今回は、そのひとつである「自己効力低下ブレーキ」に焦点を当てる。準備は整っている。やることも決まっている。それなのに、応募ボタンを押す直前で手が止まる。「自分には無理かもしれない」という声が、最後の一歩を阻む。この感覚はどこから来るのか。心理学が解き明かす、行動を阻むメカニズムと処方箋を、『賢者病 考えすぎて動けないがなくなる本』(サンマーク出版)から一部抜粋、再構成してお届けする。
「自分には無理かも」という感覚が、行動の前に立ちはだかる
転職サイトに登録し、履歴書も準備した。
気になる求人も見つけた。
「今度こそは」と決意して応募ボタンをクリックしようとした瞬間、手が止まってしまう。
オンライン英会話の無料体験に申し込もうと思い、サイトを開いた。
でも予約画面を前に、なぜかページを閉じてしまう。
副業でライティングを始めようと、クラウドソーシングサイトでプロフィールを作成した。

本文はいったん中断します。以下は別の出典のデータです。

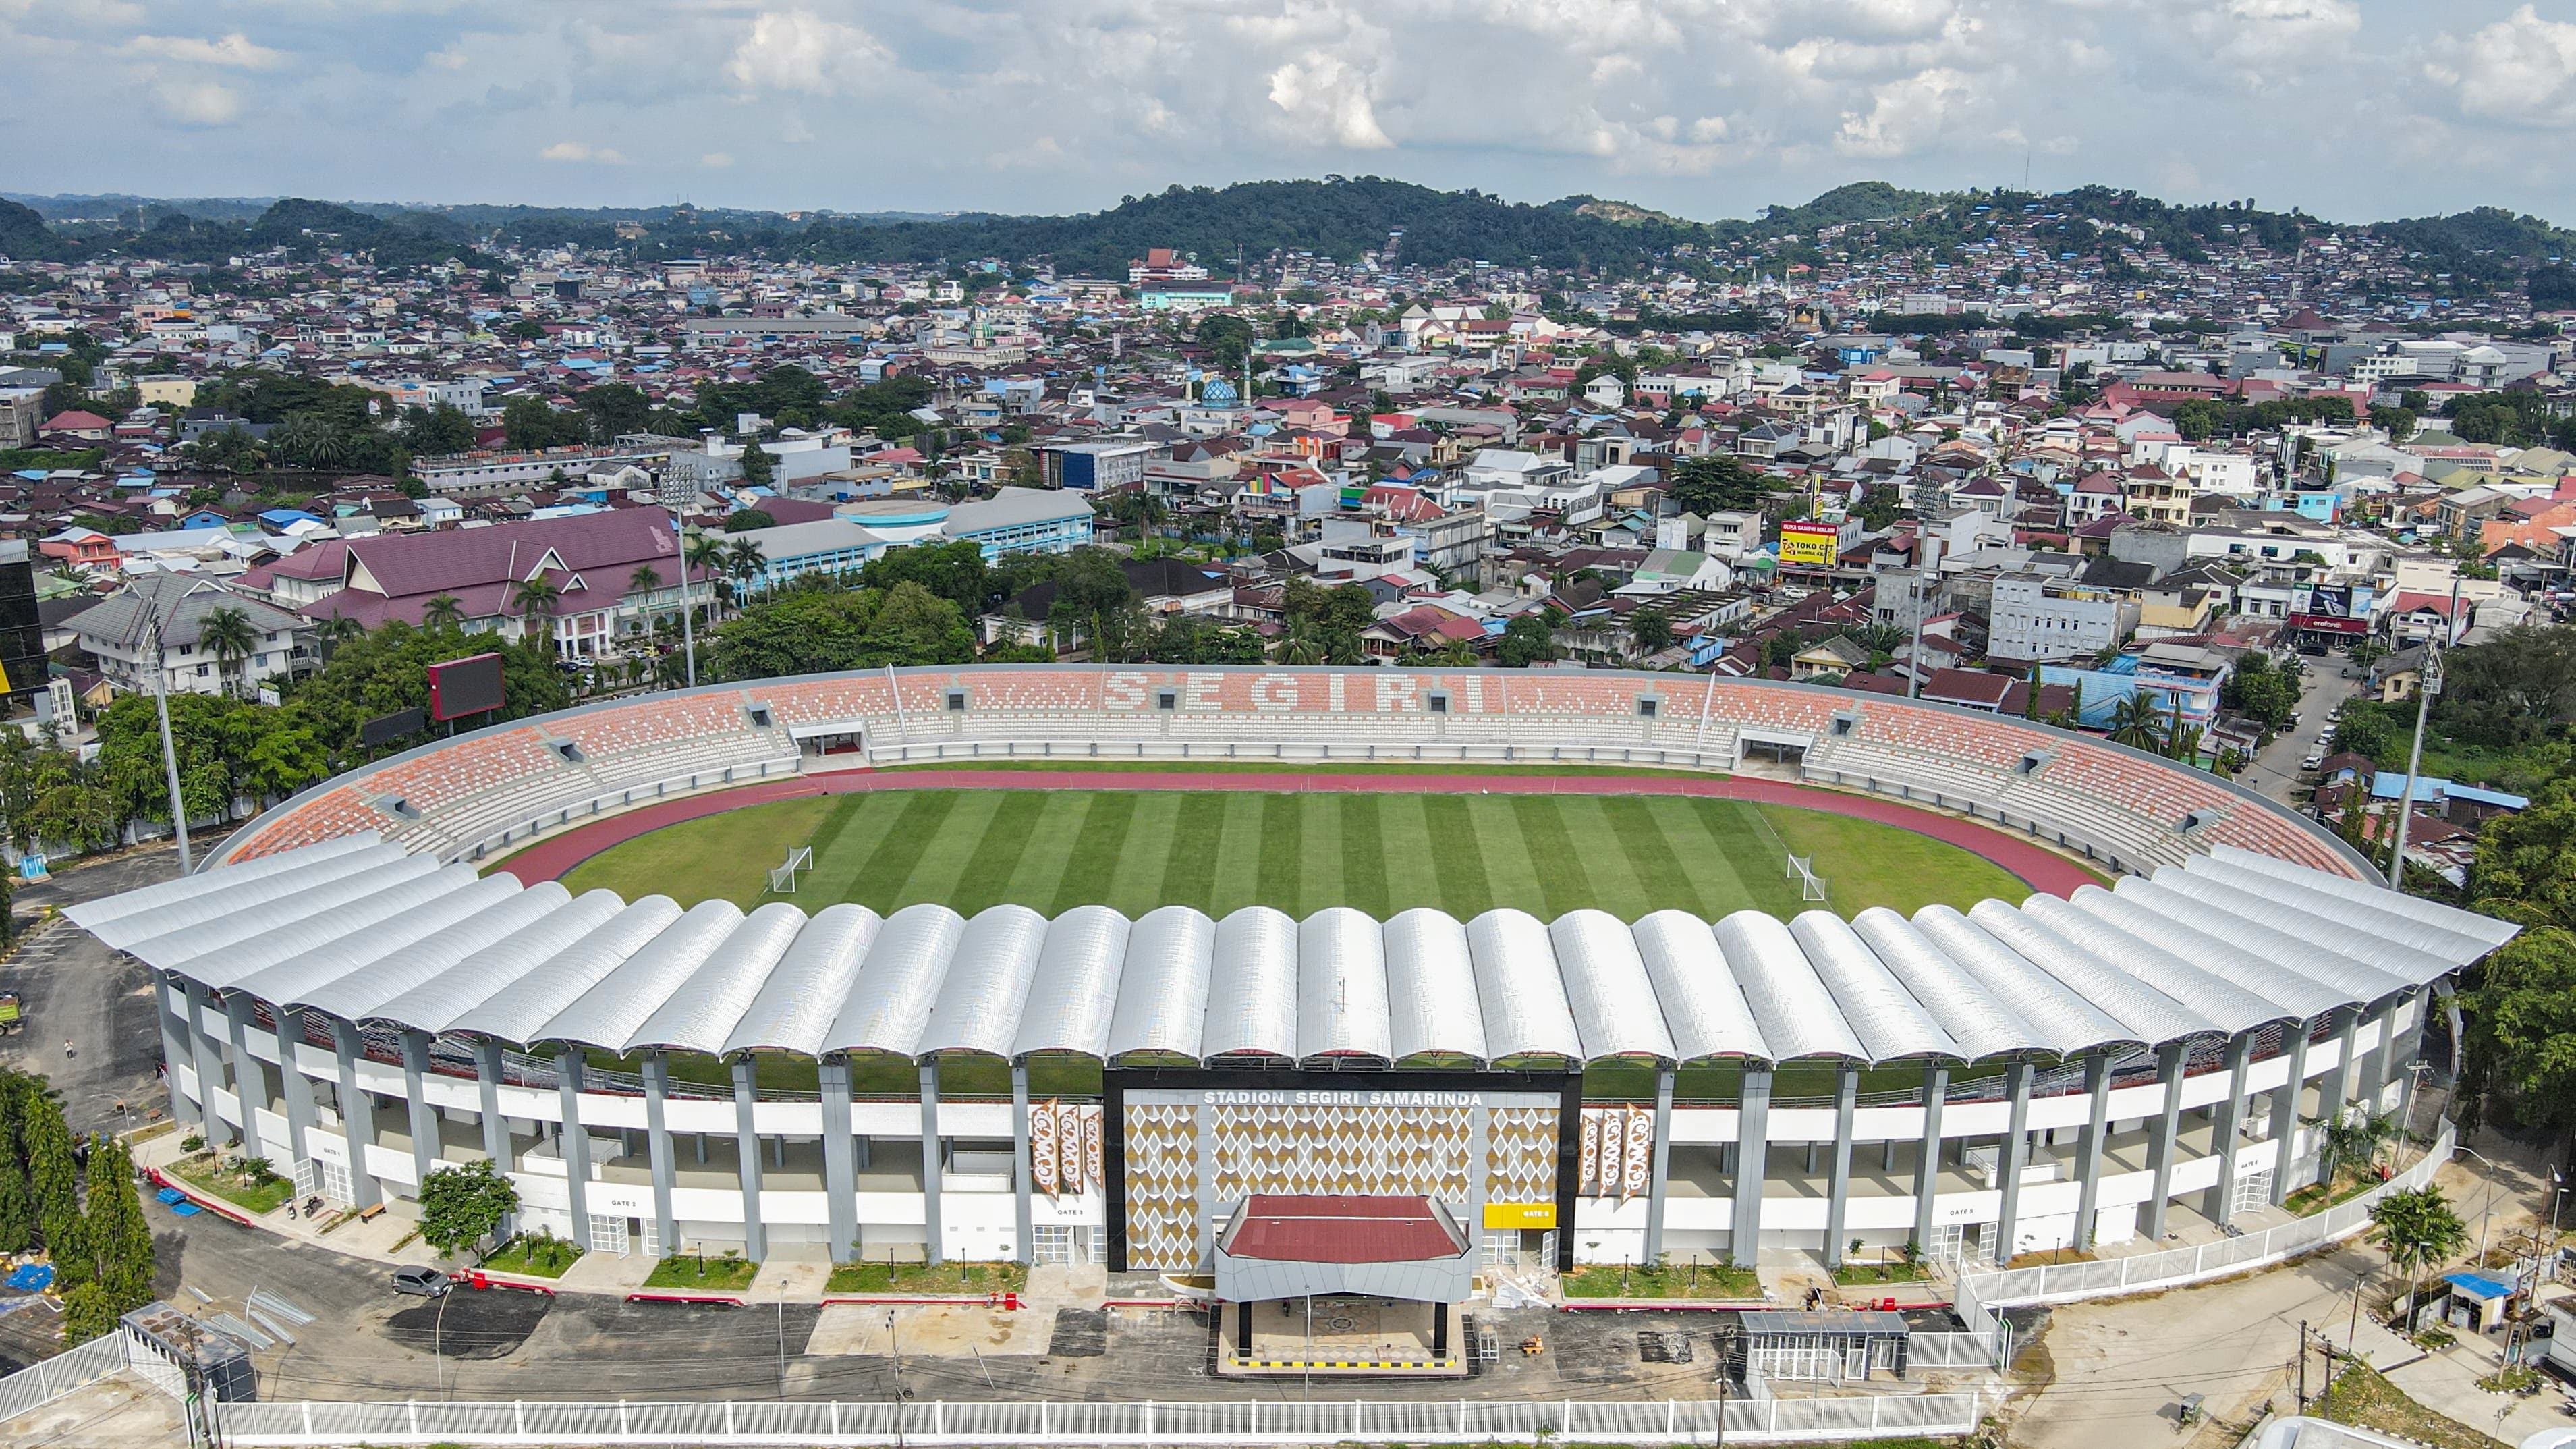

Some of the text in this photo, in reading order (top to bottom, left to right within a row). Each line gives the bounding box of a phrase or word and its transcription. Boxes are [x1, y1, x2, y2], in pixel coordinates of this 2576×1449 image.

しかし最後の「公開する」ボタンだけが、どうしても押せない。
注目してほしいのは、これらの場面では「もっと完璧にしたい」という理想肥大ブレーキも、「どの選択肢がいいかわからない」という情報飽和ブレーキも働いていないということです。
やることは決まっている。準備も整っている。それなのに、最後の一歩だけが踏み出せない。
このとき、心の中で静かに響いているのは「自分にはまだ無理かもしれない」という声です。
これが「自己効力低下ブレーキ」の正体です。